[About this exercise]: All entries are to be transcribed verbatim, but images are not carried over.

[Data shown]:
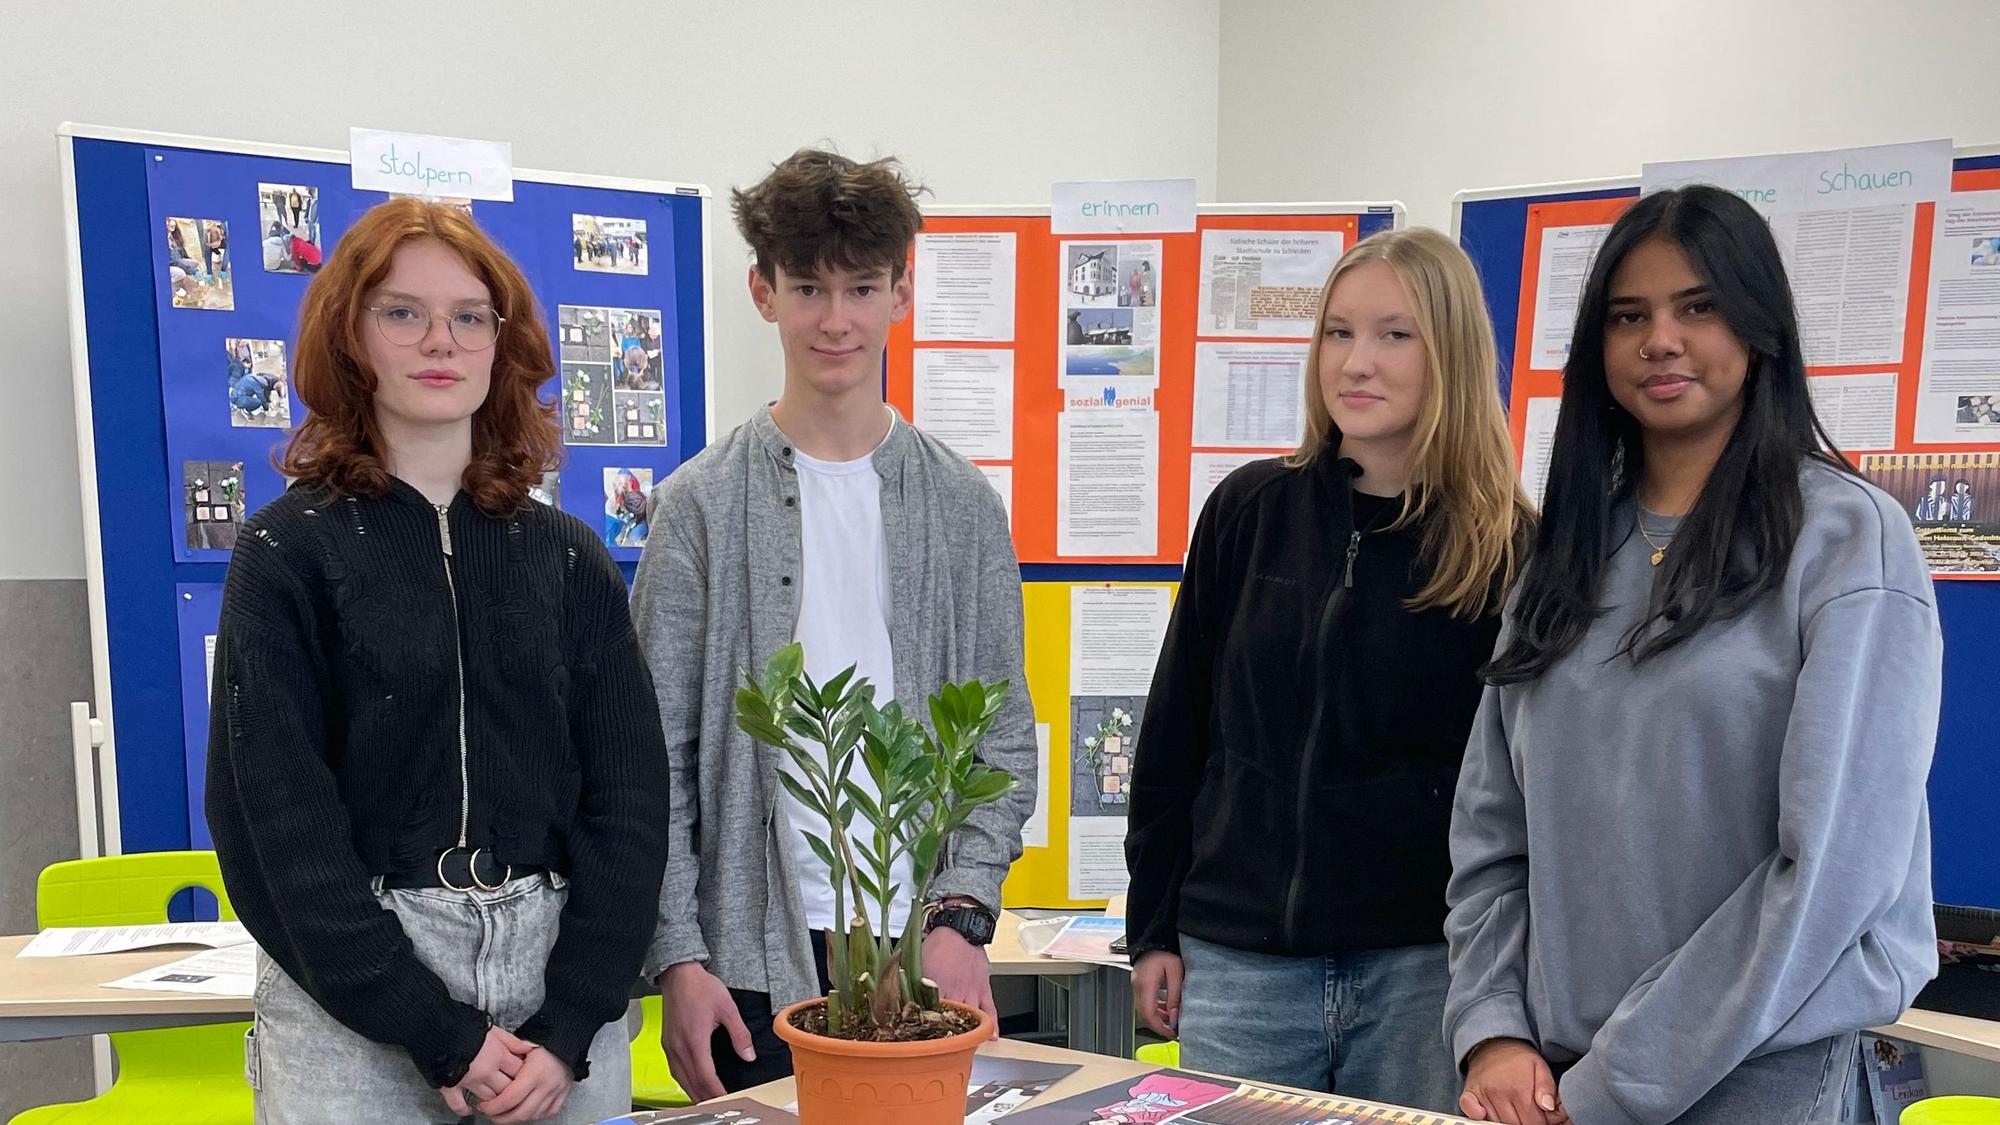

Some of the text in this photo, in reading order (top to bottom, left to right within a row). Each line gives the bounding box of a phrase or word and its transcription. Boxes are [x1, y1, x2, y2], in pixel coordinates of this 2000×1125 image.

[379, 142, 472, 187] stolpern
[1735, 188, 1777, 203] orne
[1081, 200, 1159, 217] erinnern
[1070, 396, 1151, 409] sozial genial
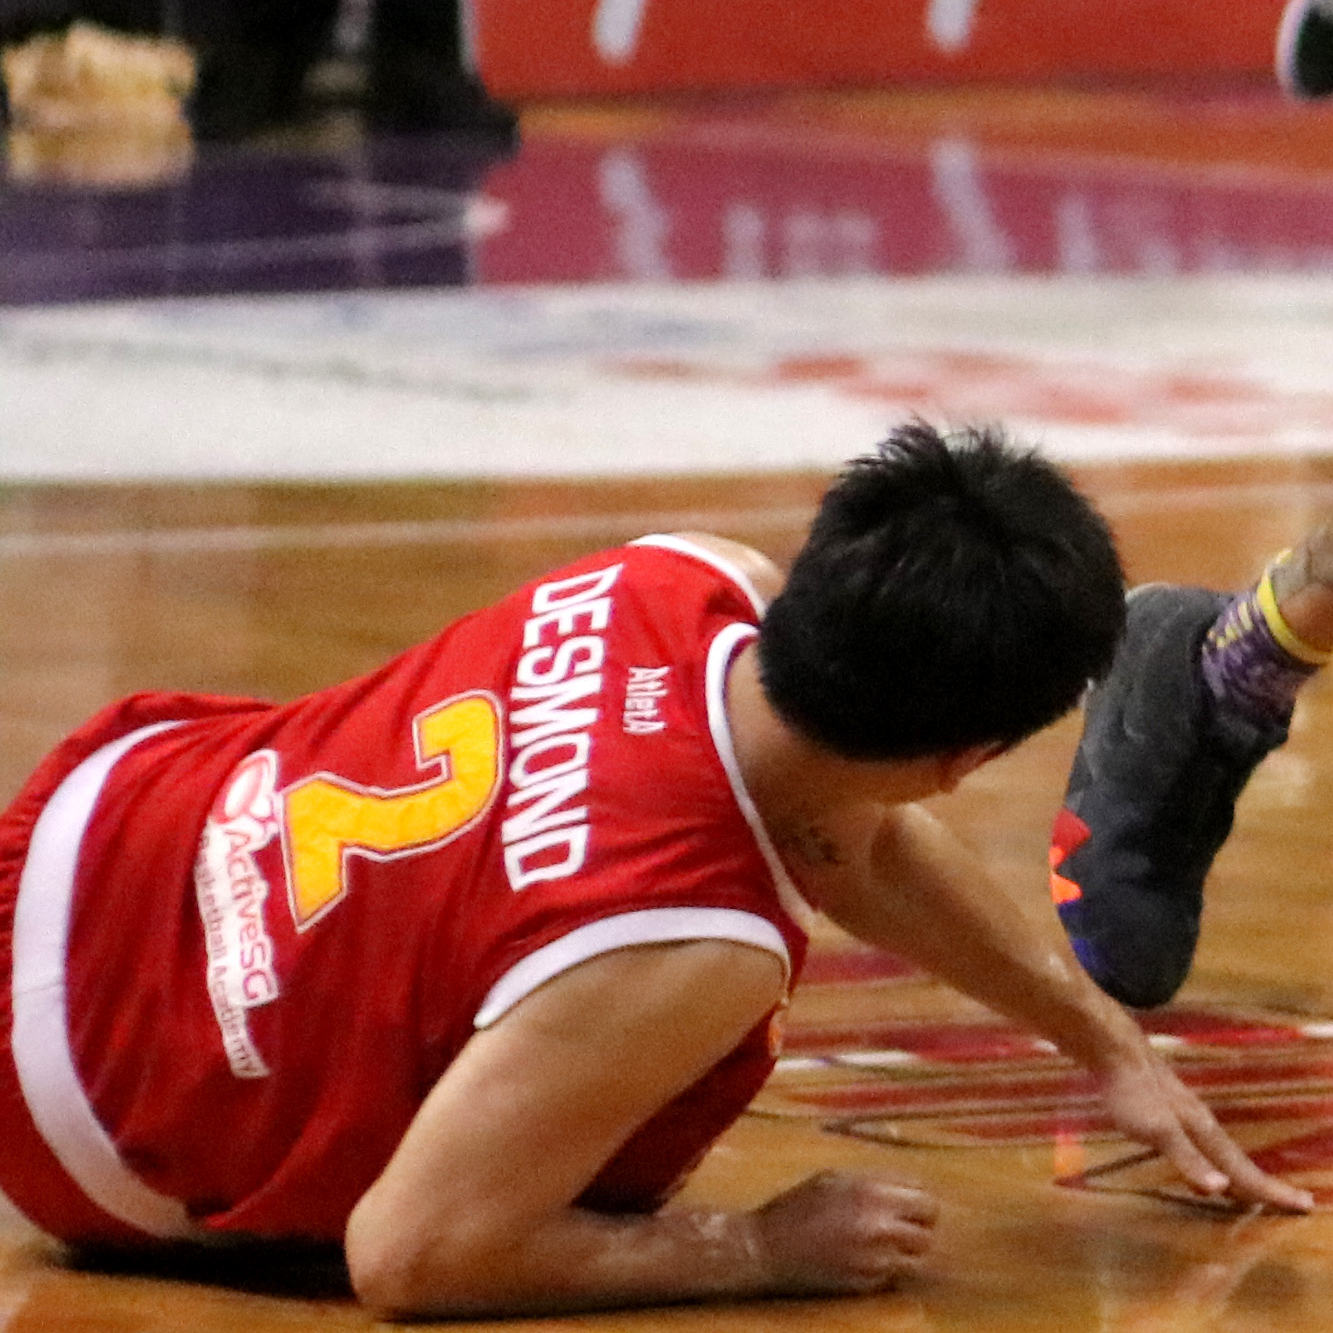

[Solution]:
Some of the text in this photo, in reading order (top to bottom, left to right within a row). Each line gives the bounding box of a phrase or word and its transcription. Boxes are [x1, y1, x2, y2], in pixel coordinates of this 2000×1125 image.

[379, 142, 472, 187] stolpern
[1735, 188, 1777, 203] orne
[1081, 200, 1159, 217] erinnern
[1070, 396, 1151, 409] sozial genial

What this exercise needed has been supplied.